En la casa de Gabriel Calderón los premios se guardan en el baño, las paredes sostienen repisas con libros y en el patio hay una sola planta, una Santa Rita a la que mira con terror porque podría tener arañas. Un retrato sobre las distintas facetas del dramaturgo más popular del teatro local.

En la casa de Gabriel Calderón los premios se guardan en el baño, las paredes sostienen repisas con libros y en el patio hay una sola planta, una Santa Rita a la que mira con terror porque podría tener arañas.
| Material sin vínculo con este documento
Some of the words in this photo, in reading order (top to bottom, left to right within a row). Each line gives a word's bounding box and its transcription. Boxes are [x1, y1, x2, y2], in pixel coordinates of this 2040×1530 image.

Aunque mide casi dos metros, es incapaz de matarlas porque les teme demasiado. Sentado en el único sillón que tiene, acomoda los brazos a lo largo del respaldo y dice que sus manos son muy expresivas, y que esto lo alegra porque uno de los principales problemas de los actores es no saber qué hacer con ellas mientras están en un escenario.
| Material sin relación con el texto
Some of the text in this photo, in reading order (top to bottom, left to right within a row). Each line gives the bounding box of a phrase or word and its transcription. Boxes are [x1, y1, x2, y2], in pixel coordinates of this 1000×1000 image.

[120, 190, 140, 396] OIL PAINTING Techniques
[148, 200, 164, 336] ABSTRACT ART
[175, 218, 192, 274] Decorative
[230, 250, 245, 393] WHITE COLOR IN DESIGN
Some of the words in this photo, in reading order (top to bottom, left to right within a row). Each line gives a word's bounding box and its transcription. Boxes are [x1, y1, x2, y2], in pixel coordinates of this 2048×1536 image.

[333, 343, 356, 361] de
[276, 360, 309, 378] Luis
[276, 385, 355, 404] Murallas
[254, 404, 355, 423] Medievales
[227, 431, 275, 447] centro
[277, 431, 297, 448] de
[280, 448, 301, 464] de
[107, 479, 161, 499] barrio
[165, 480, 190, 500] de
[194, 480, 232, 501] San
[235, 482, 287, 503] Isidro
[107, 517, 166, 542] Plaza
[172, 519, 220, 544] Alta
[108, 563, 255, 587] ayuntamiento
La casa se recorre en tres minutos y sin embargo es la misma en la que fue niño, en la que posó para una foto sosteniendo un conejo blanco, en la que su hermana se recuperó de una meningitis, y su madre cocinó cuatro comidas diarias para vender en los negocios cercanos. Durante algunos años, el cuarto donde en estos momentos duerme un niño y el cuarto en el que Calderón trabaja, se alquilaron a desconocidos para poder pagar las cuentas. Ahí aprendió a vivir solo. Alojó a amigos y a novias. Escribió su primera obra. Esa vez, del otro lado del teléfono incentivándolo a escribir estaba Dahiana, la misma mujer que ahora es la madre de su hijo.

A pocos pasos de la puerta de entrada uno se topa con juguetes de bebé y es como si un círculo vital estuviera regenerándose.
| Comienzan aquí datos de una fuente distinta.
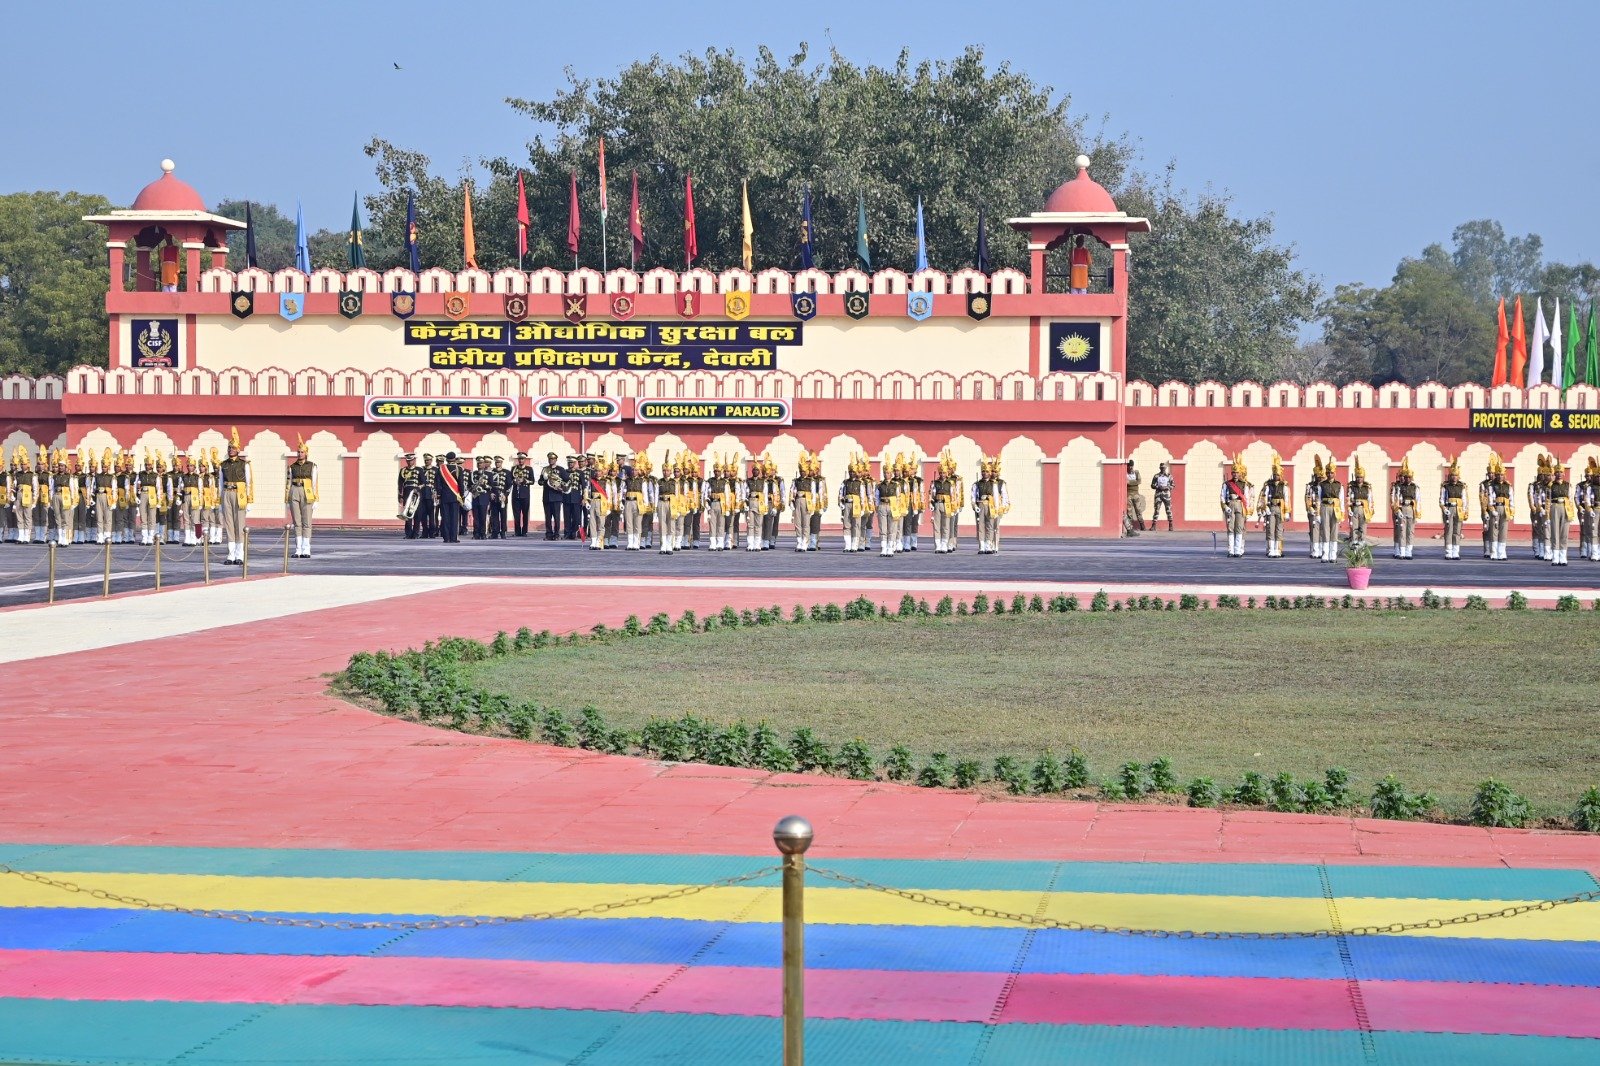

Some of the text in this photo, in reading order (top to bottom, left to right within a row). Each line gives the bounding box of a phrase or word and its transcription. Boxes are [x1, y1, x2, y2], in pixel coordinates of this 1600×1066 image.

[410, 322, 797, 345] केन्द्रीय औद्योगिक सुरक्षा बल
[432, 347, 773, 369] क्षेत्रीय प्रशिक्षण केन्द्र, देवली
[377, 403, 507, 416] दीक्षांत परेड
[646, 405, 780, 417] DIKSHANT PARADE
[1472, 412, 1542, 429] PROTECTION
[1550, 413, 1564, 429] &
A pesar de que esta casa contenga tanta memoria como una sala de teatro, a pesar de ser el lugar en el que edificó su vida, Calderón no sabe los nombres de las calles que la rodean. El suyo es un caso extraño: estamos ante un artista que no cree en supersticiones, no tiene rituales y quiere mantenerse alejado de los mitos. Por eso, para recordar que no debe atarse a los logros, expone las pruebas del éxito frente al water.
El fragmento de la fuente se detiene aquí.